CSV (comma delimited). This format saves data in a comma-separated text file that can be used in another Windows program or another version of the Windows operating system.
CSV (Macintosh). This format saves a workbook as a comma-separated file for use on the Mac operating system.
CSV (MS-DOS). Saves as a comma-separated document for use on the MS-DOS operating system.
CSV UTF-8 (comma delimited). It is Unicode Transformation Format 8-bit encoding that supports many special characters, including hieroglyphs and accented characters, and is backward compatible with ASCII. This format is recommended for files that contain any non-ASCII characters since the classic CSV format destroys them.
Besides CSV, there is one more format that may come in extremely handy for communicating with other programs.
Unicode Text (*.txt). This is a computing industry standard supported by almost all current operating systems including Windows, Macintosh, Linux and Solaris Unix. It can handle characters of almost all modern languages and some ancient ones.
Note. By strict definition, the CSV format implies separating values with commas. In reality, you may come across many other delimiters, a semicolon and tab being most common.
How to convert Excel file to CSV
When Excel data is to be transferred to some other application such as the Outlook Address book or Access database, the easiest way is to save your worksheet as a .csv file, and then import that file to another program.
To save an Excel file (.xlsx or .xls) in the CSV format, here are the steps you need to follow:
- In your workbook, switch to the target worksheet as only the active sheet will be converted.
- On the File tab, click Save As. Or press the F12 key to open the Save As dialog.
- In the Save As dialog box, pick the desired CSV format from the Save as type drop-down menu, On Windows, you'd choose either CSV (Comma delimited) or CSV UTF-8.

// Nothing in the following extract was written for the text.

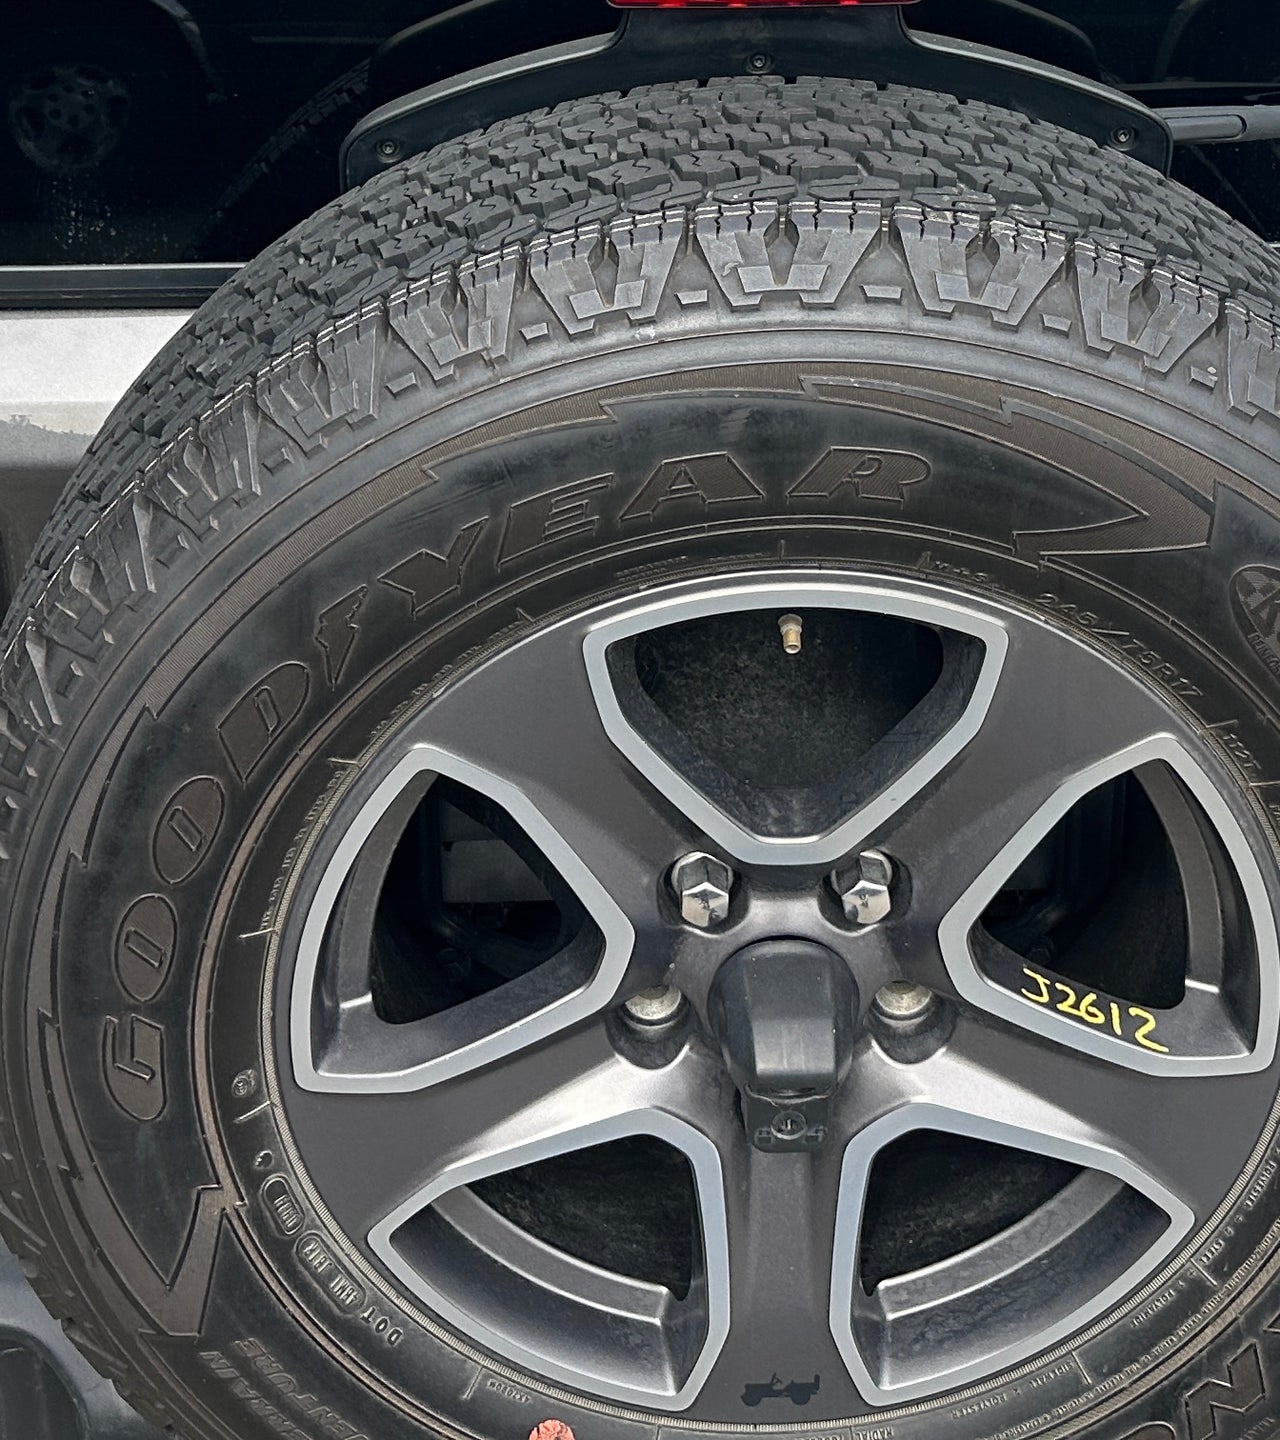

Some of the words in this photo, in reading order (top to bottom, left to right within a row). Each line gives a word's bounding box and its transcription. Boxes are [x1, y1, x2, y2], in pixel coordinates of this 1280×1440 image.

- Pick the destination folder and hit Save.
In case your worksheet has any formatting, formulas, charts, shapes or other objects, you will be informed that some features in your workbook might be lost if you save it as CSV (Comma delimited). If that is Okay, click Yes to complete the conversion without the unsupported features.
Export Excel to CSV without destroying special characters
If your spreadsheet contains some special symbols, smart quotes or long dashes (e.g. inherited from a Word document), foreign characters (tildes, accents, etc.) or hieroglyphs, the method described above won't work.
The point is the saving to the CSV (comma delimited) format distorts any characters other than ASCII (American Standard Code for Information Interchange).
To keep non-ASCII characters undamaged, a document should be saved to a format that uses a Unicode character encoding. There exist two Unicode encoding forms: 8-bit (UTF-8) and 16-bit (UTF-16).
Before we move to the exporting steps, let us point out the key features of each encoding, so you can choose the format right for a particular case.
UTF-8 is a more compact encoding since it uses 1 to 4 bytes for each symbol. Generally, this format is recommended if ASCII characters are most prevalent in your file because most such characters are stored in one byte each. Another advantage is that a UTF-8 file containing only ASCII characters has absolutely the same encoding as an ASCII file.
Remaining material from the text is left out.